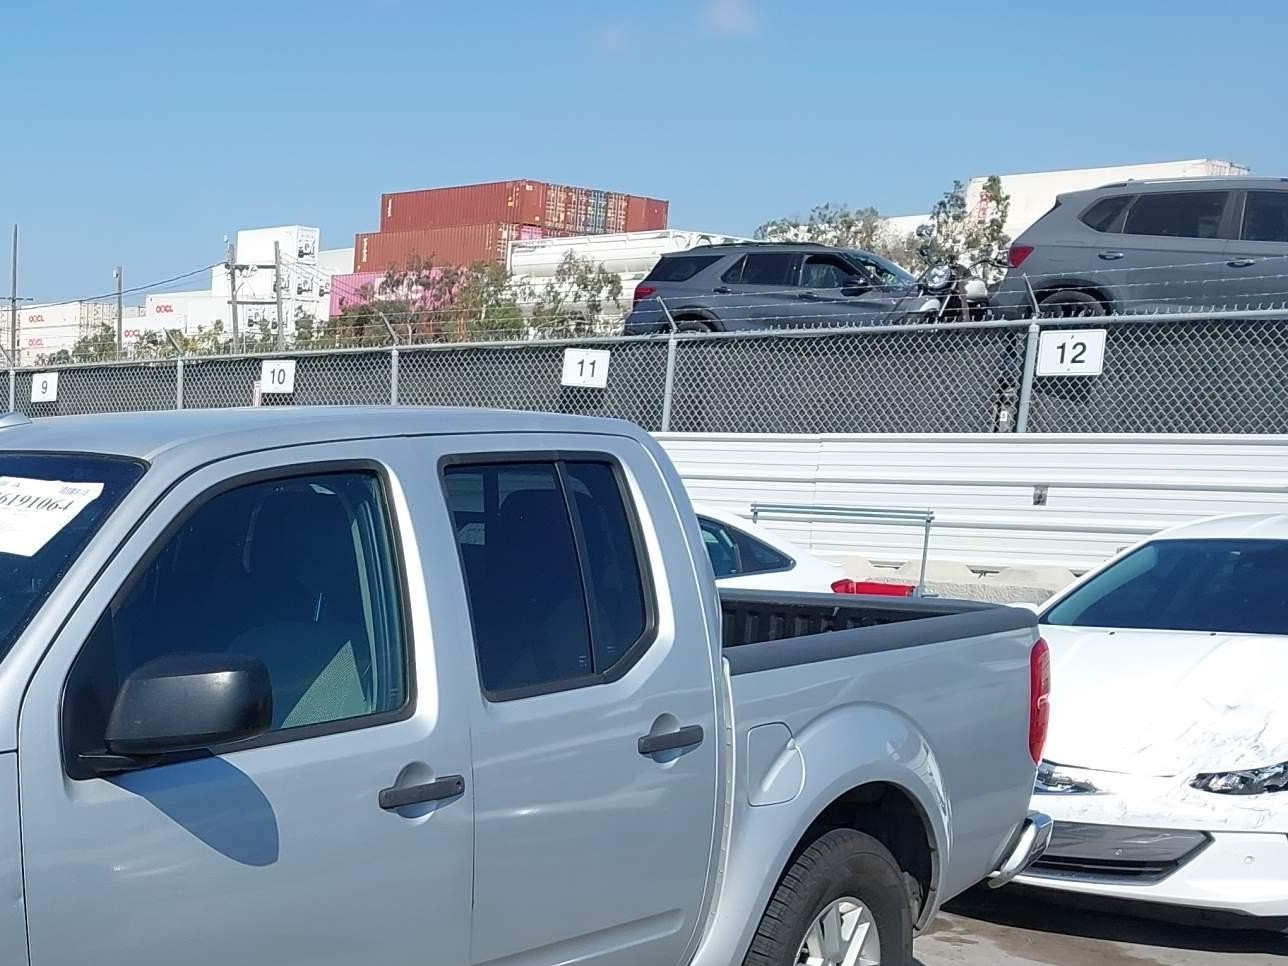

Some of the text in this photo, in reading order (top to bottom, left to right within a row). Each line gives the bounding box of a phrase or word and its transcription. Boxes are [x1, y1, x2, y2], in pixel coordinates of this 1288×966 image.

[1056, 342, 1088, 364] 12
[270, 368, 286, 385] 10
[577, 359, 596, 378] 11
[41, 380, 48, 394] 9
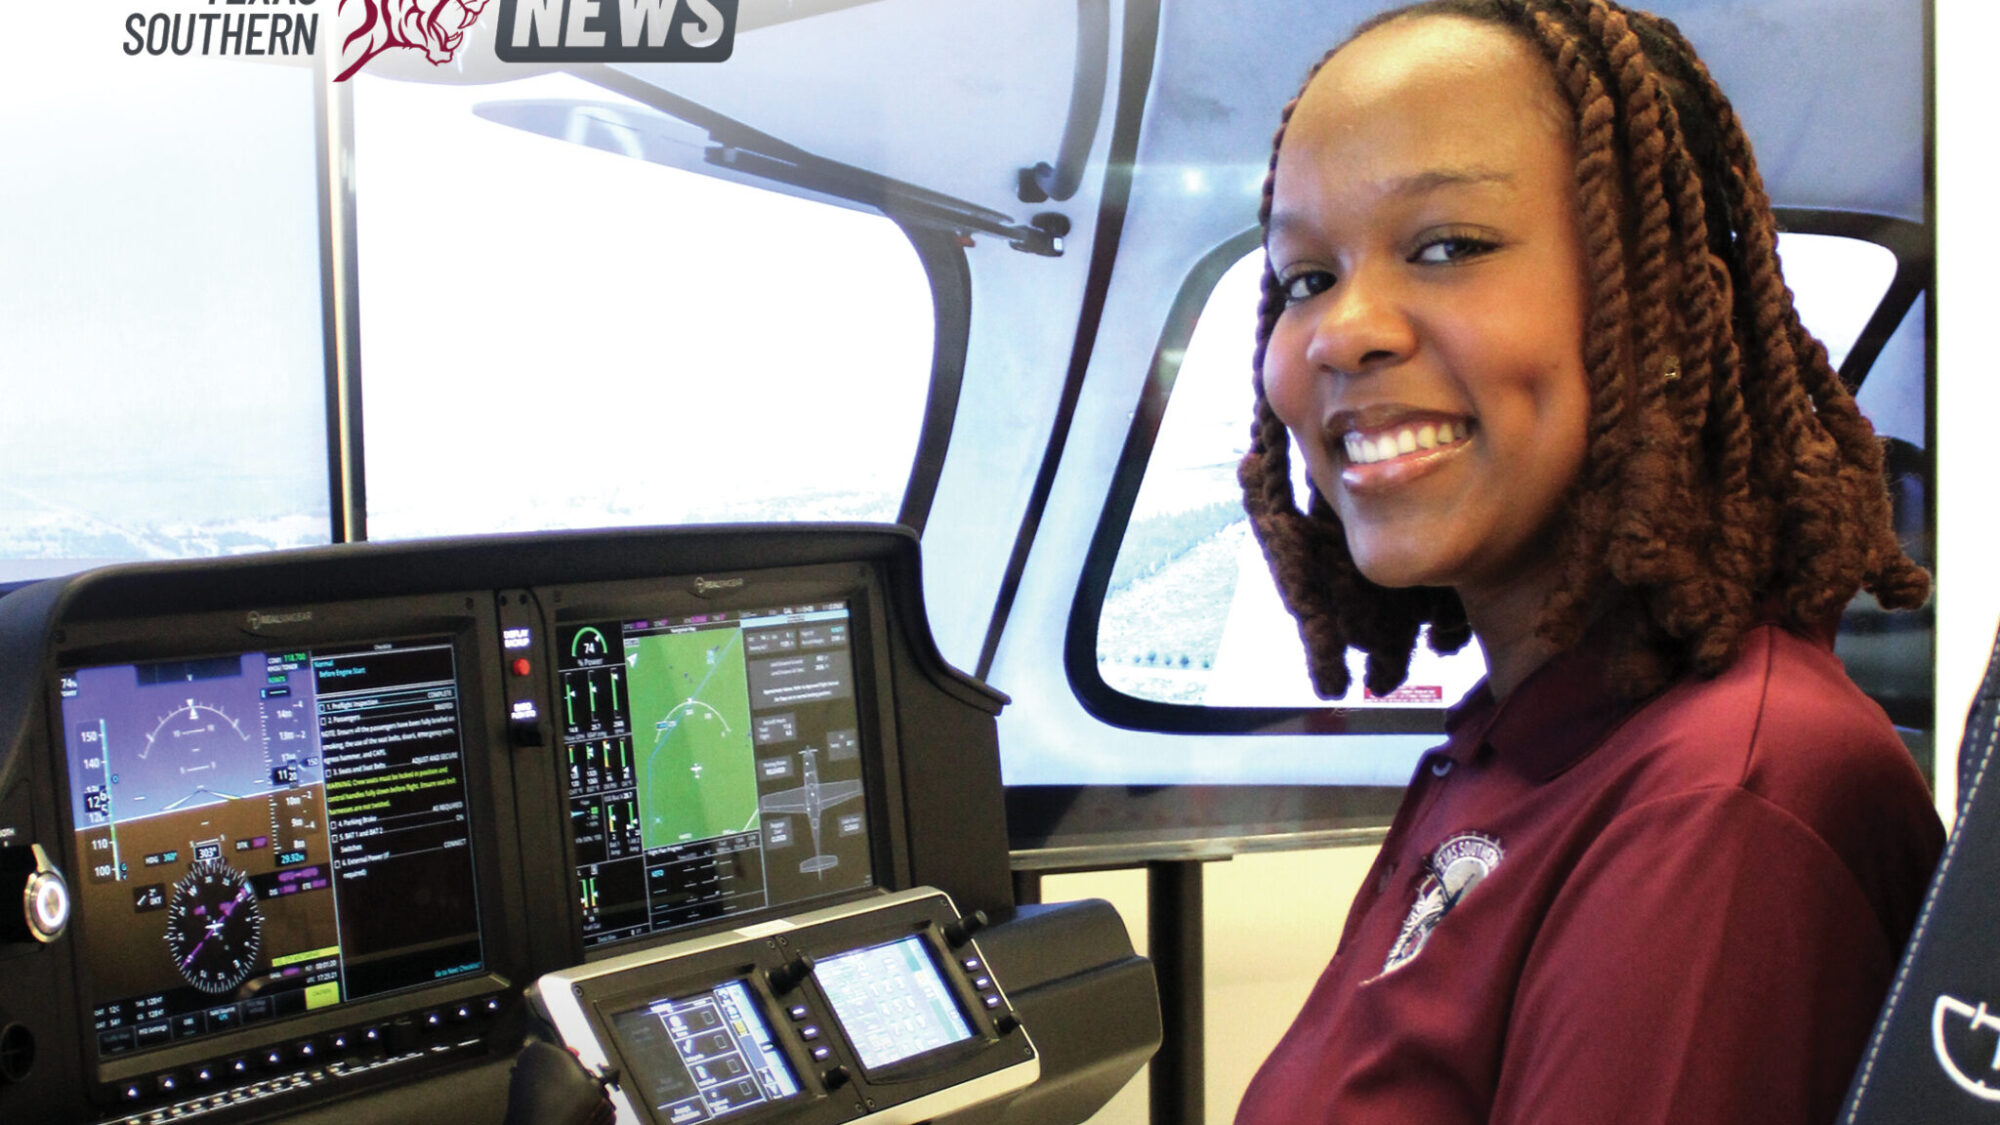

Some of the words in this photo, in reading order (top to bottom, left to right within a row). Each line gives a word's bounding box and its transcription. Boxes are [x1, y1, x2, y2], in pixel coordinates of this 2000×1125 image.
══════════
Exercise objective: Extract every line of the data exactly; pictures stay out.

Solution to the exercise:
Some of the text in this photo, in reading order (top to bottom, left to right within a row). Each line gives the bounding box of a phrase or word and its transcription. Boxes are [x1, y1, x2, y2], in pixel coordinates of this 1288×966 image.

[1056, 342, 1088, 364] 12
[270, 368, 286, 385] 10
[577, 359, 596, 378] 11
[41, 380, 48, 394] 9

Some of the words in this photo, in reading order (top to bottom, left to right within a row). Each line gives a word's bounding box and its transcription. Boxes are [x1, y1, x2, y2], in pixel coordinates of this 2000×1125 image.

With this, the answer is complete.